I'll admit: I have a shoe problem. Not a "I buy shoes everyday" kind of problem. But more of a "I don't know how to get rid of shoes" thing. If we apply that same logic, then I have a dress and jeans and workout tee problem, too. Downsizing my closet for a year on the road was not easy.
After many attempts to cram as much into my allotted shelf, drawer and hanging space, I finally did it. And even I was surprised: I don't miss a lot of things.

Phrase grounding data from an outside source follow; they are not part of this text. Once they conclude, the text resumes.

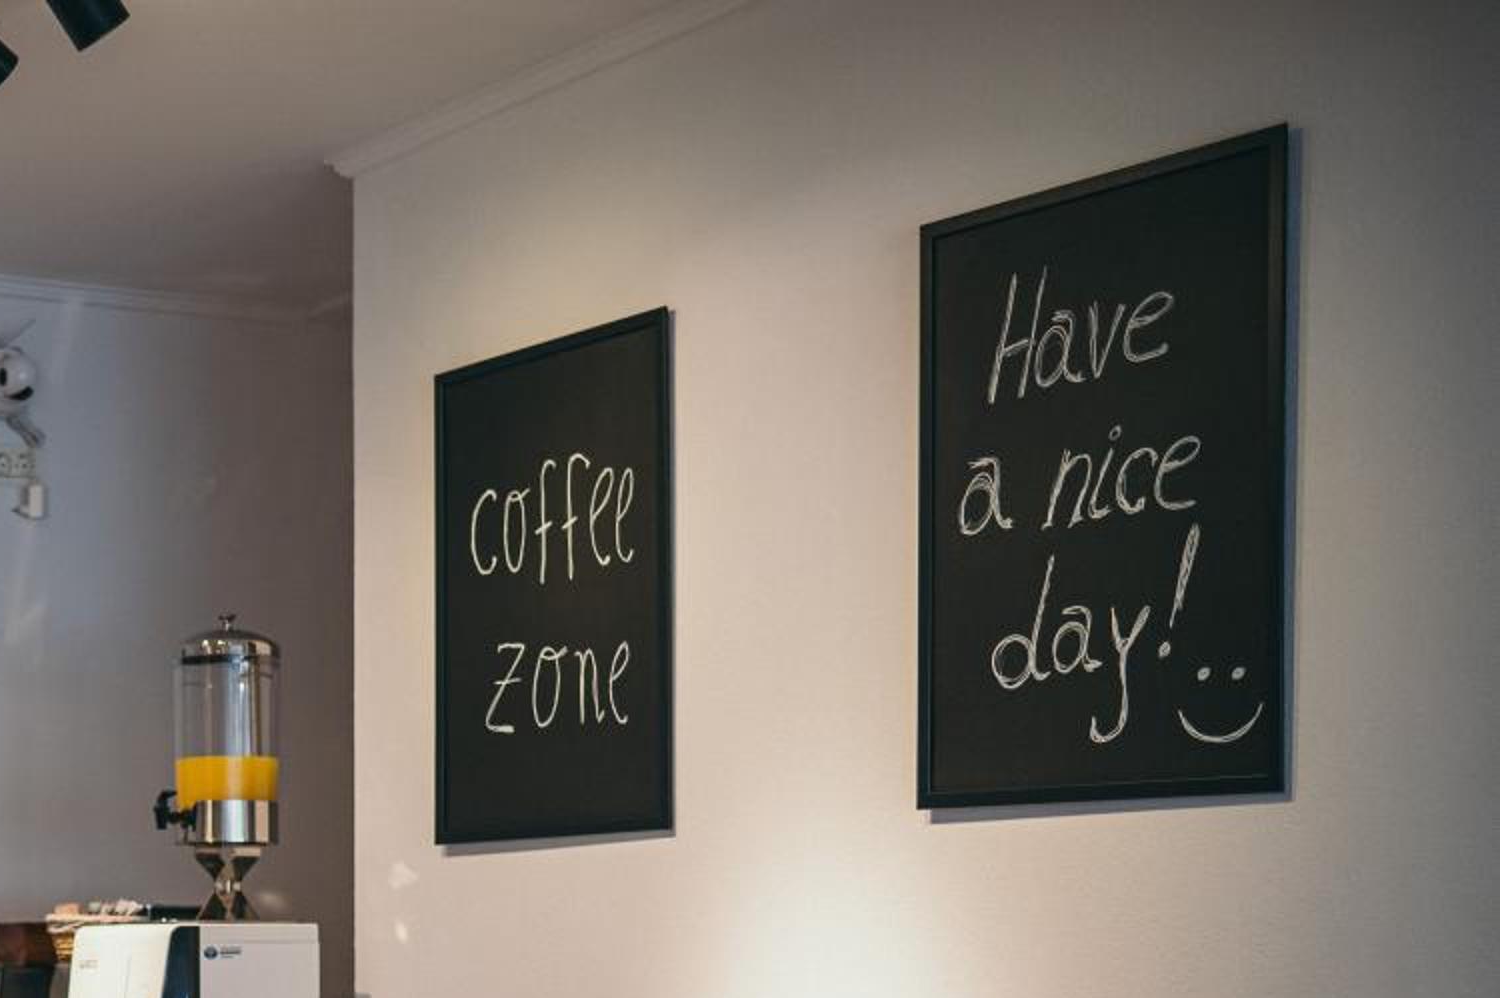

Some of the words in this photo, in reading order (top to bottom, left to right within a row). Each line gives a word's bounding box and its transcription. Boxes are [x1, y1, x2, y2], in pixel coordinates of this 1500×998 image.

[988, 265, 1174, 405] Have
[470, 453, 635, 585] coffee
[958, 455, 1013, 536] a
[1042, 424, 1202, 530] nice
[485, 640, 631, 733] zone
[990, 523, 1201, 743] day!
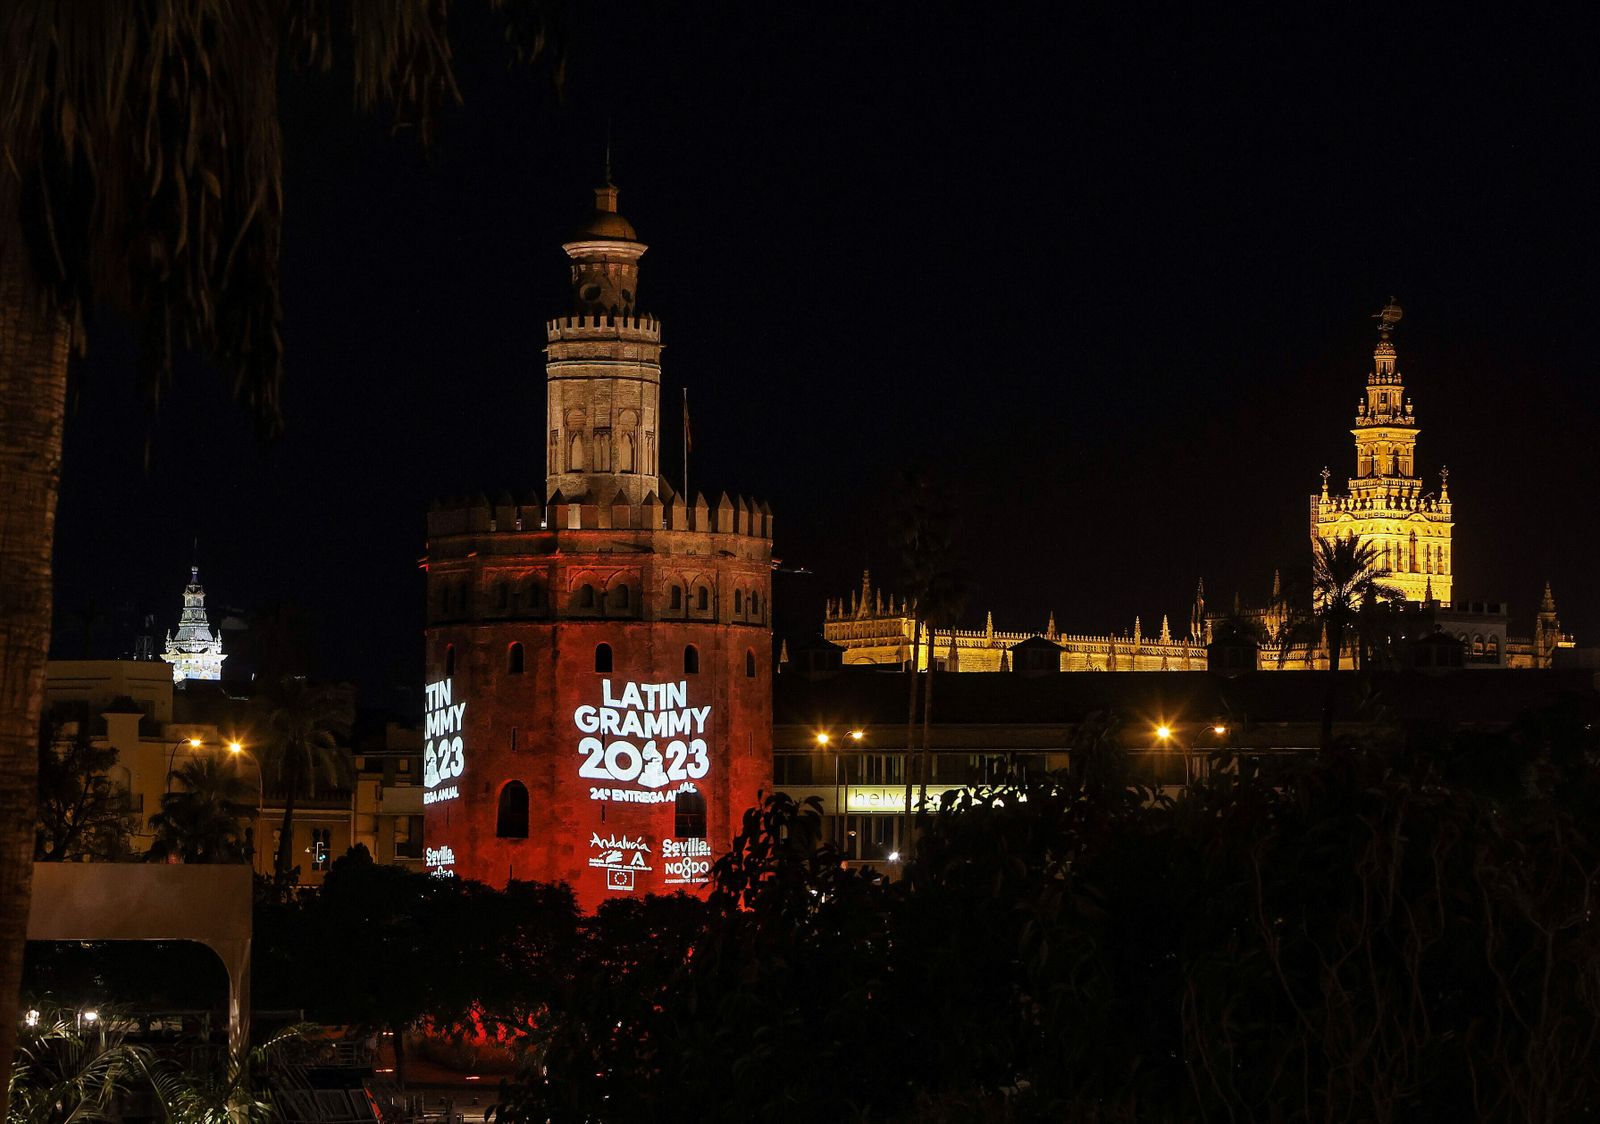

Here's the breakdown of what I brought along:
- 4 workout tops
- 2 pairs workout shorts, 1 pair workout leggings
- 3 long sleeve running tops
- 2 sports bras
- 2 sets pajamas
- 10 pairs socks
- 15 pairs underwear
- 3 push up bras
- 2 pairs boots
- 2 pairs flats
- 1 pair sandals
- 1 pair running shoes
- 1 pair tennies
- 1 pair hiking boots
- 3 pairs of jeans (two dark, one light)
- 2 pairs of pants (navy, olive green)
- 1 pair leggings, 1 pair lounge pants
DRESSES / SKIRTS
- 4 dresses
- 2 skirts
- 1 cardigan
- 1 blazer
- 3 tees
- 2 long sleeve tees
- 2 sweaters (one short sleeve, one long)
- 4 dress tops
- 3 button ups
That's it! Pretty exhaustive list, but when you crunch the numbers it means I narrowed down years worth of work clothes and workout gear and special occasion dresses and heels and sandals and "stuff" to just 41 articles of clothing; 25 pairs socks and underwear; 5 bras; 8 pairs of shoes. Oh, and I brought a handful of jewelry that I store in a teeny tiny travel jewelry box. It's 3" x 3"! I also brought along accessories: 5 hats and 3 scarves.
I wish I'd done it earlier. The truth of the matter is that we wear the same things over and over again, whether we realize it or not. I once did the "turn the hanger" challenge. For a month, you turn the hanger on items of clothing you wear. And leave the others hanging the right way. At the end of the month, you are suppose to donate the items you didn't wear. But I skipped that last step because I'd convince myself that I'd wear that dress someday. Or those shoes. Or what would happen if I lost my "work jeans" and needed another pair?
So here's how I actually did it.
- Make the easy cuts. For me, this included work out tops and tees. I got rid of every single tee I got for free from a road race or college or even high school. If it had a screen print logo on it, I tossed it. I also cut everything that was uncomfortable and unrealistic. My days of 5" heels are wwwaaaaayyy past me. Same goes for anything that doesn't pass the age old "fingertips" rule -- meaning it needed to hit my legs below arm length. Sequins are pretty, but not practical in a trailer. And so forth.
- Group by color and style. Carson and I used to do a little trick every night. He'd hold up two tops that were of the same color or style and make me choose: keep one, toss the other. It was crazy hard at first, but then it made me really think about what I wanted to save. Sure, sometimes I couldn't bare to get rid of one. But more times than not, I was able to make the decision pretty easily.
- Switch to a smaller closet. I found that I wasn't weeding out enough stuff because I was still hanging everything in a regular size closet. Sure, it seemed like I was getting rid of things. But with that much space, it's deceiving. So I took hangers out to our new closet and put up as many as I thought we could support (hint: ours is 30 hangers). Then I set aside 12 for Carson's "nice" shirts. This gave me a goal: I could only have 18 hanging items.
- The simpler, the better. In the process of paring things down, it became clear that I needed to simplify everything. Solid colors and stripes were easier to mix and match than brights and crazy patterns. This meant in some cases that I actually bought some new clothes that fit this bill. I know...that's the opposite of what I was suppose to be doing. But, buying those new pieces gave me the confidence to get rid of some others that I never thought I could.
- Store it. At the end of the day, some things I couldn't bring with us. But they were too nice to get rid of, either. Thankfully my mom let me stock my childhood closet full of my "must keeps." And while it's out of sight out of mind right now, I know that the minute I get back I'll either be able to donate it or say with confidence: I'VE MISSED THIS!
The world didn't end when I downsized my closet. But my perspective on just how many clothes / shoes I need did. And I think it's for the better. I don't feel as though my style has suffered, and while there may be some things at the end that I would rather burn than wear again, it's a good practice in self restraint.